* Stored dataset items
• • •
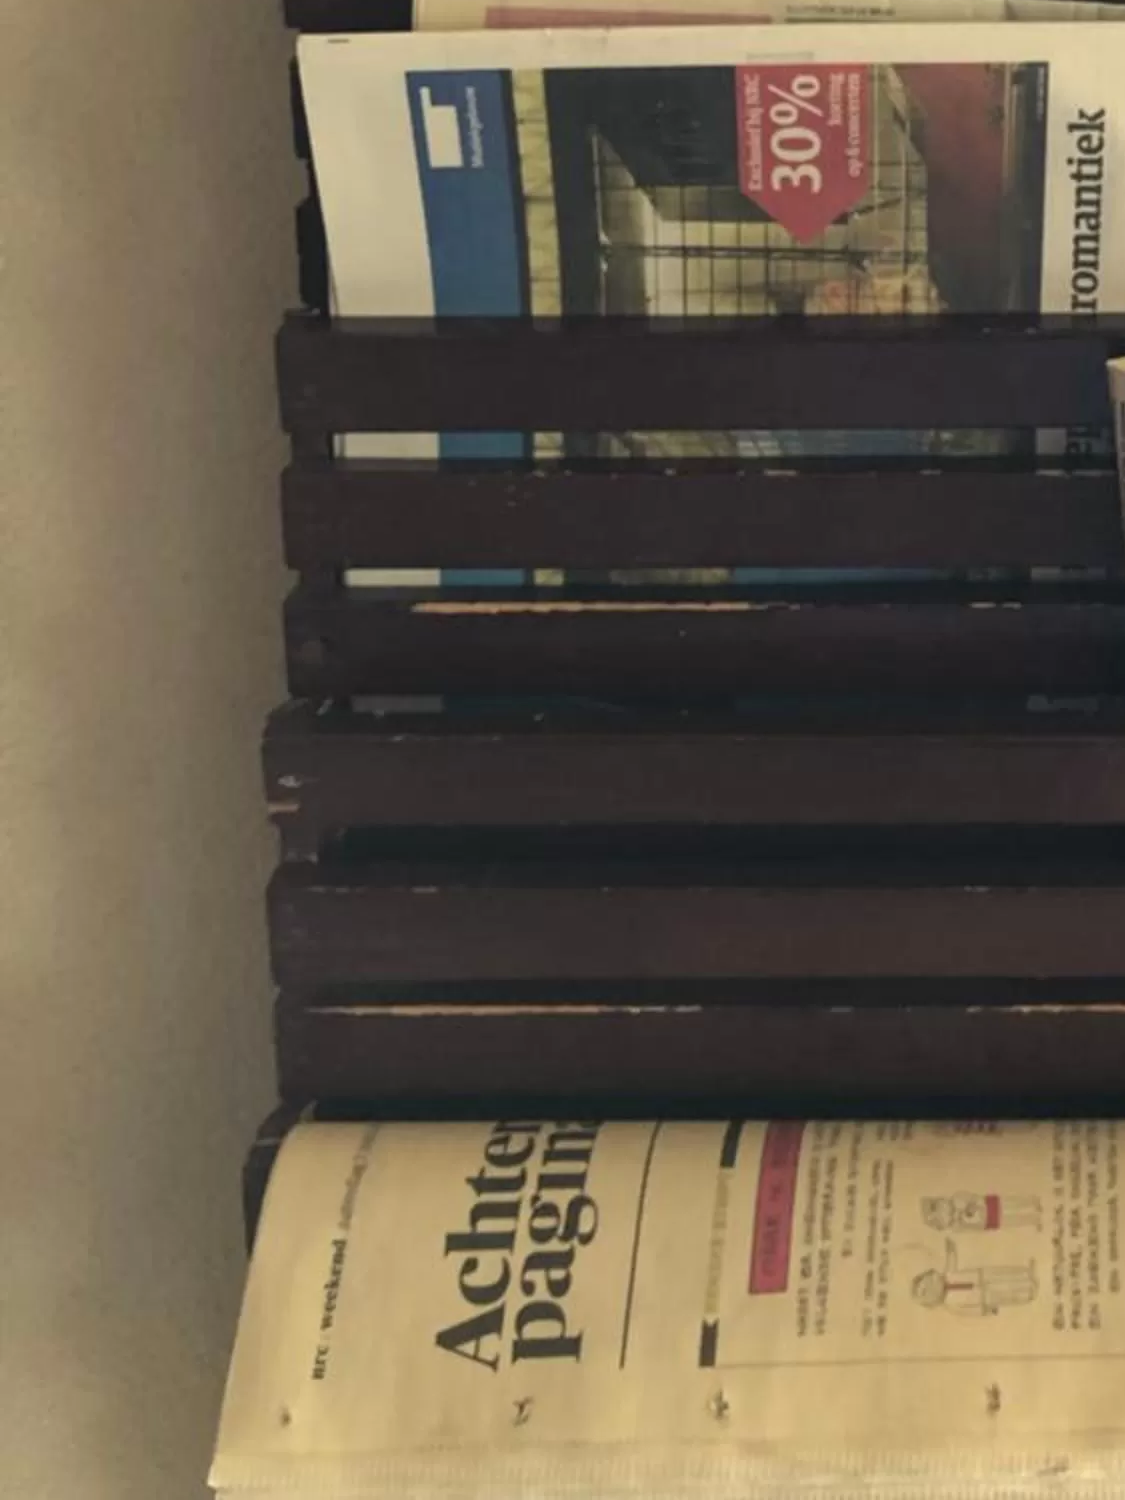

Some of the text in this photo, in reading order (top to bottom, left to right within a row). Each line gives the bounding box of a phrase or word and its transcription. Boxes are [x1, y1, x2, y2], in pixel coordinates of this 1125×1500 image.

[767, 74, 824, 193] 30%
[316, 1237, 347, 1332] weekend
[509, 1119, 598, 1364] pagin
[309, 1343, 329, 1381] nrc
• • •
* TASK DIRECTIONS
Could you output every record above exactly as it appears, without the pictures?

* RESULT BELOW
Some of the text in this photo, in reading order (top to bottom, left to right within a row). Each line gives the bounding box of a phrase or word and its transcription. Boxes are [x1, y1, x2, y2], in pixel coordinates of this 1125×1500 image.

[767, 74, 824, 193] 30%
[316, 1237, 347, 1332] weekend
[509, 1119, 598, 1364] pagin
[309, 1343, 329, 1381] nrc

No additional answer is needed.